Columnistas

Ultraje a la inteligencia
Autor: Rodrigo Pareja
27 de Mayo de 2014


De acuerdo con las más recientes estadísticas del Ministerio de Educación, en Colombia hay 2’700.000 analfabetas funcionales, lo que representa aproximadamente un poco más del 5 % de la población.

De acuerdo con las más recientes estadísticas del Ministerio de Educación,  en Colombia hay 2’700.000  analfabetas funcionales, lo que representa aproximadamente un poco más del  5 % de la población.


La inmensa mayoría de esas personas que nunca han estudiado o si acaso cursaron el primero o segundo grado de instrucción, están inmersas en los estratos más bajos los de la población urbana, en el campesinado y en los conglomerados indígenas.


No obstante puede afirmarse sin temor a equivocaciones, que el más iletrado de esa inmensa cantidad de colombianos que no han tenido jamás una oportunidad, sabe distinguir entre el día y la noche, el blanco y el negro o el frío y el calor.


Por eso resulta más insólita todavía la posición asumida por algún sector de la política colombiana, cuyos principales  personeros pretenden meterle el dedo en la boca a la sociedad, so pretexto de defender lo indefensable ante las abrumadoras evidencias que los comprometen y enredan, postura que no es más que un ultraje a la inteligencia de los colombianos.


Negar a pie juntillas esa relación que después se demostraría  era merecedora de mucho más que una “visita a saludar”; insistir en la negativa y después admitirla poniendo como escudo su “buena fe”, no sólo fue una torpeza sino la demostración de que desde algunos sectores a los colombianos se les considera una caterva de discapacitados mentales.


Querer convertir una comprometedora charla de más de veinte minutos con un sujeto ahora sub júdice por sus delincuenciales actividades, en una visita para un saludito nada más, es creer que los colombianos son imbéciles de solemnidad, aunque de pronto muchos de los seguidores del personaje sí lo sean.

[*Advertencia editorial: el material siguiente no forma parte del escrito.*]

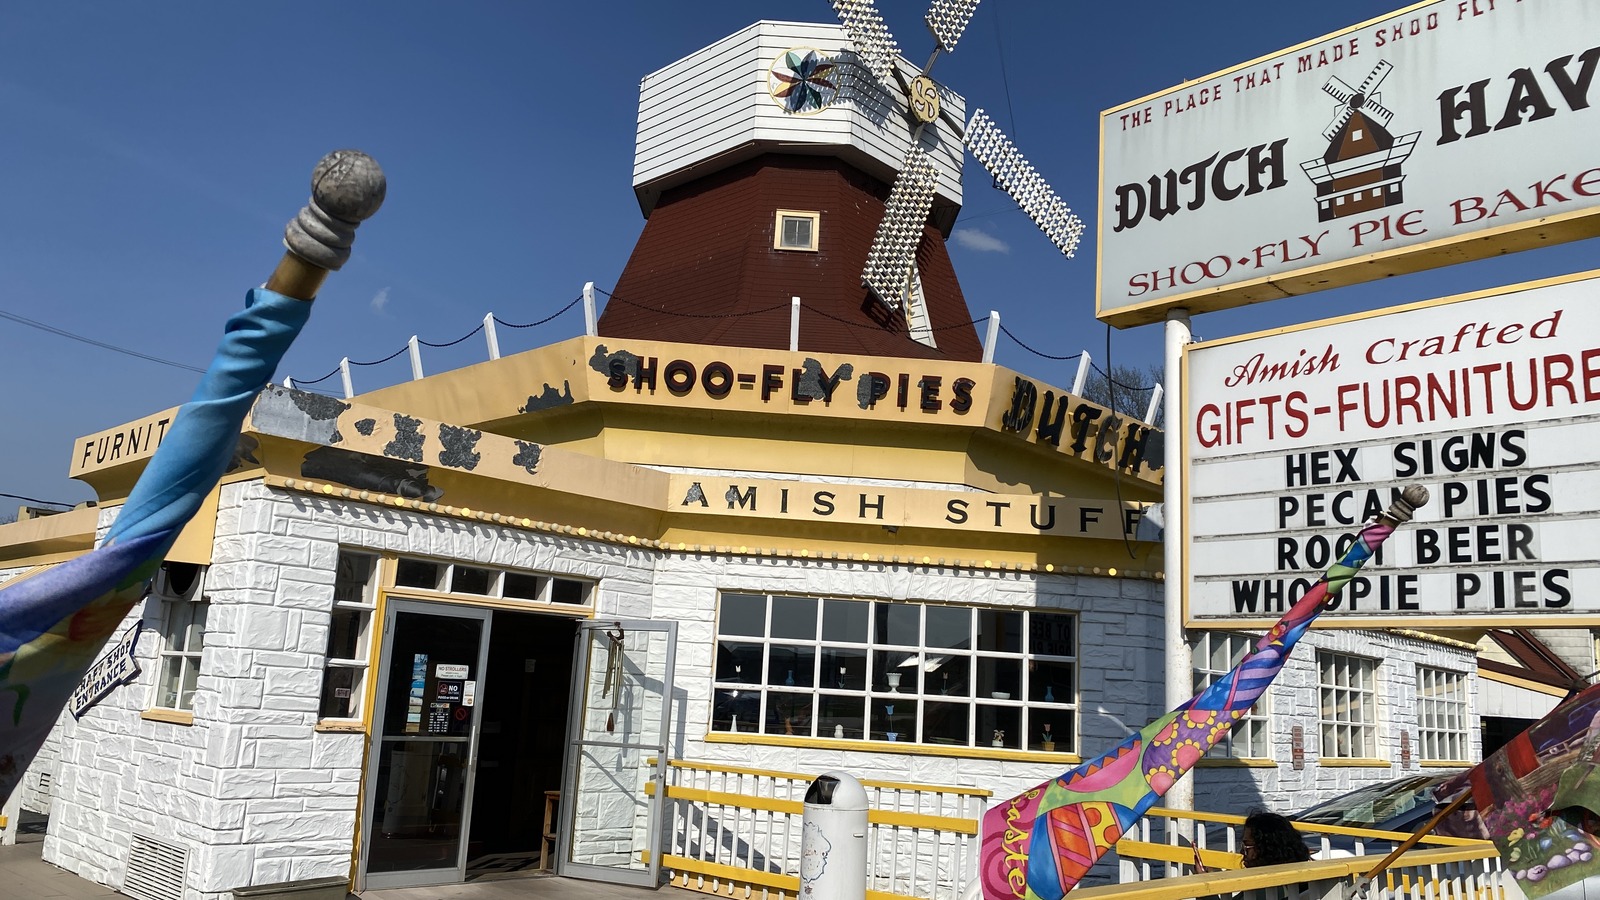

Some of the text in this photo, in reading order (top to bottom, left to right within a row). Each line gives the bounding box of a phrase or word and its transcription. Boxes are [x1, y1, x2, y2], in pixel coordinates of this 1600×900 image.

[1120, 107, 1152, 131] THE
[1164, 85, 1222, 123] PLACE
[1233, 62, 1284, 94] THAT
[1298, 38, 1361, 74] MADE
[1375, 12, 1439, 48] SHOO
[1113, 46, 1600, 233] DUTCH HAV
[1349, 209, 1428, 248] PIE
[1224, 309, 1564, 388] Amish Crafted
[607, 356, 976, 412] SHOO-FLY PIES
[1003, 376, 1150, 472] DUTCH
[1286, 430, 1527, 487] HEX SIGNS
[681, 481, 1148, 534] AMISH STUFF
[1443, 474, 1552, 518] PIES
[1416, 523, 1537, 565] BEER
[1456, 569, 1572, 610] PIES
[107, 640, 131, 669] SHOP
[76, 658, 127, 710] ENTRANCE

Pretender enseguida que el comprometedor video que los muestra en un intercambio de opiniones sobre serios asuntos es un montaje, es volver a tener a los ciudadanos de este país como los más estúpidos e ignorantes del planeta.


¿Fue que acaso lo sentaron al lado de su pirata informático y él voluntariamente aceptó? Y accedió a decir lo que dijo, a preguntar lo que preguntó y a oir lo que oyó?  ¿Sería acaso su propio “asesor espiritual”,  presente en el episodio, quien lo indujo a posar y a hablar como lo hizo con el ahora sindicado de tantos delitos?

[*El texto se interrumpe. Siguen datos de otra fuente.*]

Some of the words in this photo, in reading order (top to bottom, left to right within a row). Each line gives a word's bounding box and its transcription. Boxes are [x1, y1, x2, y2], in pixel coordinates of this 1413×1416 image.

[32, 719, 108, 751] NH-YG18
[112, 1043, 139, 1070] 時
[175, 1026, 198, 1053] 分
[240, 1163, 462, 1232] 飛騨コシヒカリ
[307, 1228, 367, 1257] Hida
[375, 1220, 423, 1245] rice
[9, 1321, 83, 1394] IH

Es verdad que en el país hay 2.700.000 analfabetas, pero si se acepta en el peor de los escenarios que estos creen cuanta fantasía les cuentan, quedan todavía  otros cuarenta y dos millones de compatriotas  capaces de discernir, comparar y saber dónde está la verdad.


Ni qué decir del principal personero y promotor de esta guerra sucia en que se convirtió la actual campaña electoral, quien en su enfermizo y desaforado afán por regresar al poder, así sea en cuerpo ajeno, da la sensación de no tener hígados ni importarle que por el despeñadero se precipiten Sansón y todos los filisteos.

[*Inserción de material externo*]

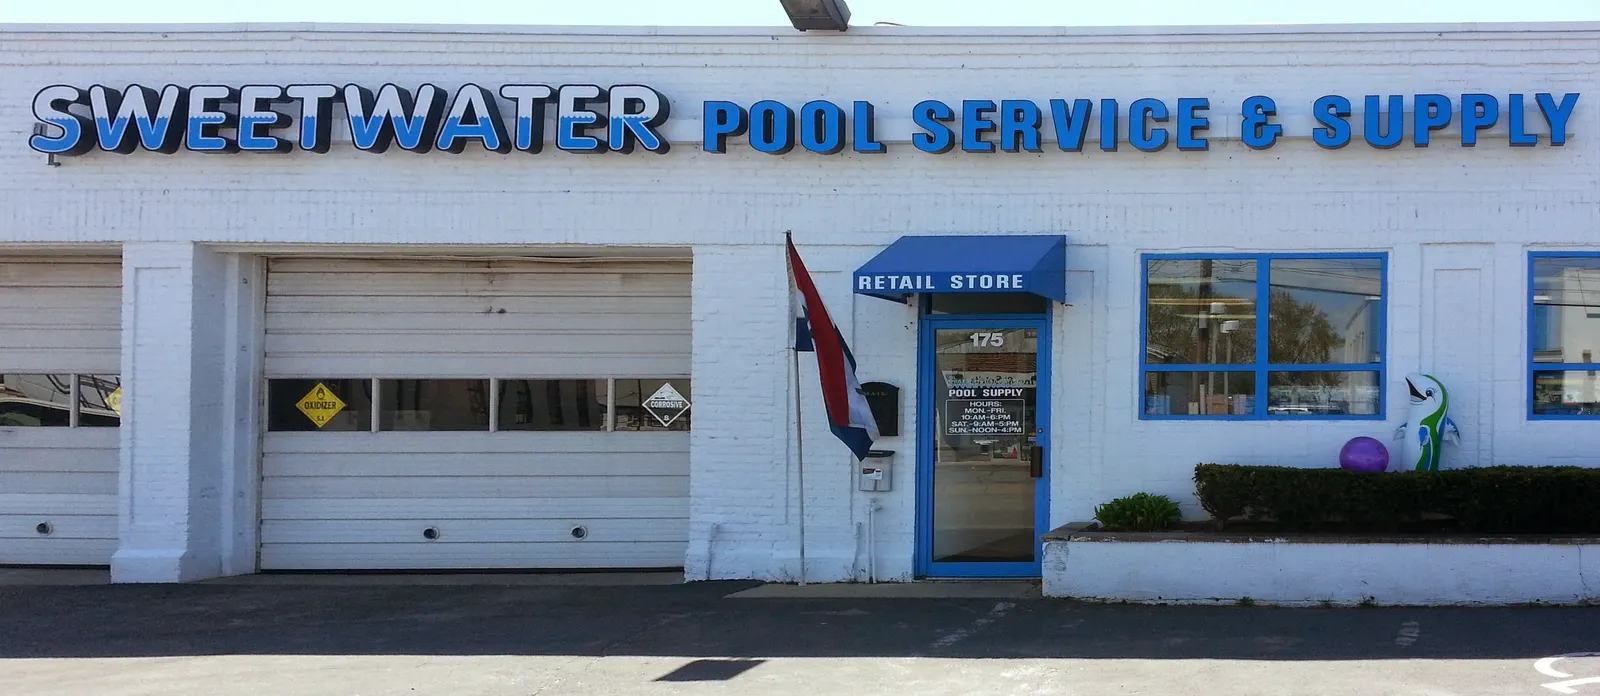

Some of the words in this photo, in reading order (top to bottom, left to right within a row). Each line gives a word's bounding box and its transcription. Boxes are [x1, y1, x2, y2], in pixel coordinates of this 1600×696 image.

[30, 83, 670, 154] SWEETWATER
[703, 100, 886, 154] POOL
[912, 97, 1210, 153] SERVICE
[1241, 95, 1283, 150] &
[1312, 92, 1581, 149] SUPPLY
[858, 275, 935, 290] RETAIL
[950, 274, 1023, 289] STORE
[970, 332, 1004, 347] 175
[948, 389, 977, 397] POOL
[982, 388, 1023, 397] SUPPLY
[304, 401, 337, 410] OXIDIZER
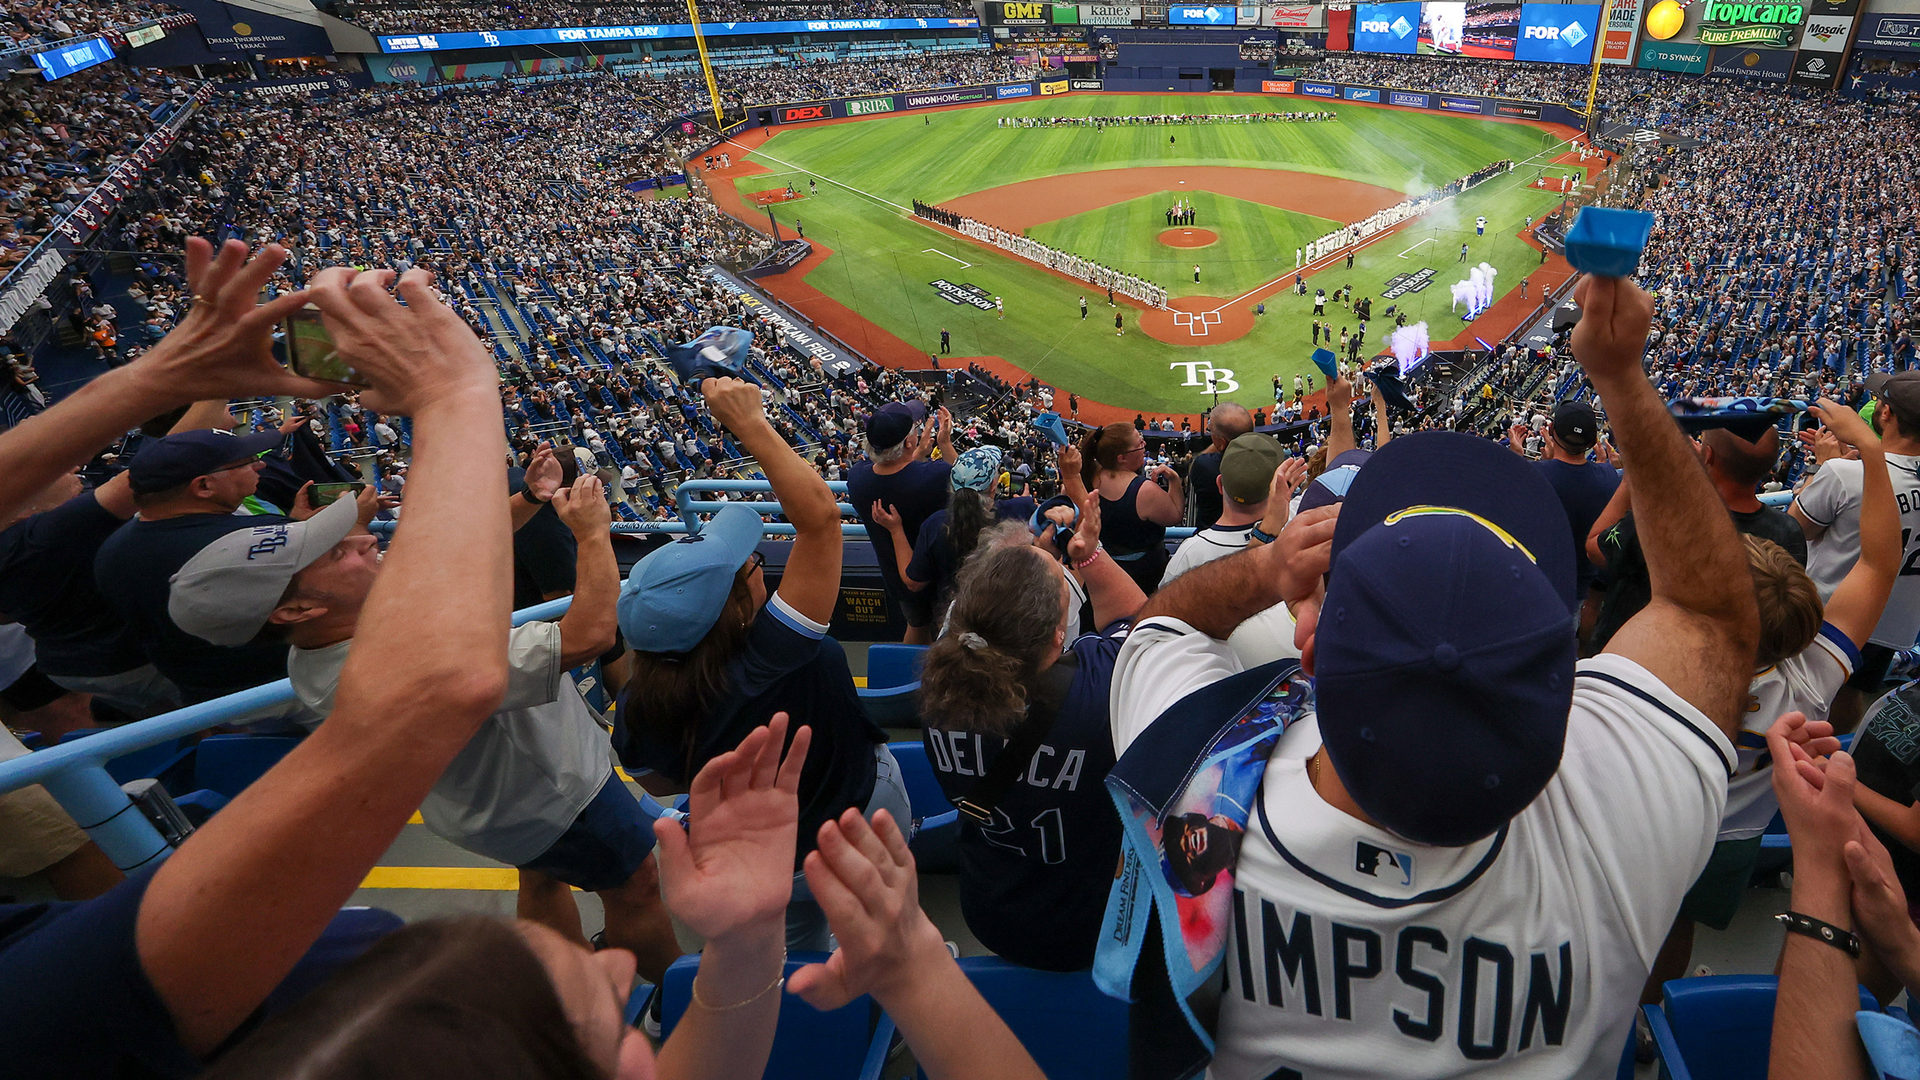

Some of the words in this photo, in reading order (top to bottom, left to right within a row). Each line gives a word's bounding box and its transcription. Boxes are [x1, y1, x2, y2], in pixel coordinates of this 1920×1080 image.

[1003, 2, 1043, 19] GMF
[1611, 0, 1637, 9] CARE
[1183, 9, 1204, 18] FOR
[1610, 10, 1636, 21] MADE
[1703, 0, 1803, 26] Tropicana
[808, 22, 829, 30] FOR
[829, 21, 862, 30] TAMPA
[1360, 21, 1390, 33] FOR
[1807, 24, 1847, 35] Mosaic
[478, 31, 500, 47] TB
[557, 29, 588, 40] FOR
[587, 27, 634, 38] TAMPA
[634, 26, 659, 36] BAY
[1524, 26, 1560, 40] FOR
[1701, 30, 1730, 42] PURE
[1729, 29, 1782, 41] PREMIUM
[206, 37, 233, 45] DREAM
[233, 35, 262, 44] FINDERS
[234, 42, 267, 50] TERRACE
[1658, 52, 1668, 60] TD
[1669, 54, 1702, 63] SYNNEX
[388, 65, 418, 78] VIVA
[1712, 65, 1735, 75] DREAM
[1735, 67, 1761, 77] FINDERS
[1761, 70, 1786, 79] HOMES
[255, 84, 301, 97] SOMOS
[300, 81, 330, 95] RAYS
[999, 87, 1027, 96] Spectrum
[1394, 94, 1423, 103] LECOM
[786, 106, 824, 121] DEX
[1382, 268, 1436, 299] POSTSEASON
[931, 279, 996, 310] POSTSEASON
[711, 272, 745, 296] WELCOME
[738, 293, 763, 308] BACK
[754, 305, 772, 315] TO
[767, 312, 813, 345] TROPICANA
[805, 340, 837, 362] FIELD
[1169, 360, 1240, 395] TB
[845, 597, 881, 607] WATCH
[855, 606, 874, 614] OUT
[1113, 897, 1127, 943] DREAM
[1232, 886, 1574, 1061] IMPSON

Jurar en falso para atribuir la autoría de un atentado contra Vargas Lleras a un ministro suyo inexistente;  asegurar el ingreso de dinero malo a una campaña y abstenerse de entregar las pruebas alegando una supuesta falta de garantías en la Fiscalía, son apenas dos de los vergonzosos episodios por él protagonizados.


Convertir después esas hipotéticas evidencias en meras informaciones, secundado por un penalista que fue el único de los 45 millones de colombianos que no escuchó en labios de su cliente la palabra pruebas, fue otra bofetada a la inteligencia de sus compatriotas.


Mantener el cañazo hasta lo último para favorecer  una candidatura, no corresponde a quien por su dignidad, debería tener otro comportamiento.


Para no ahondar en otras insensateces, hay que consignar que al personaje no le cuadra, con estas estrambóticas actuaciones, comenzar a minar la solidez del pedestal  que ya la historia le tiene reservado.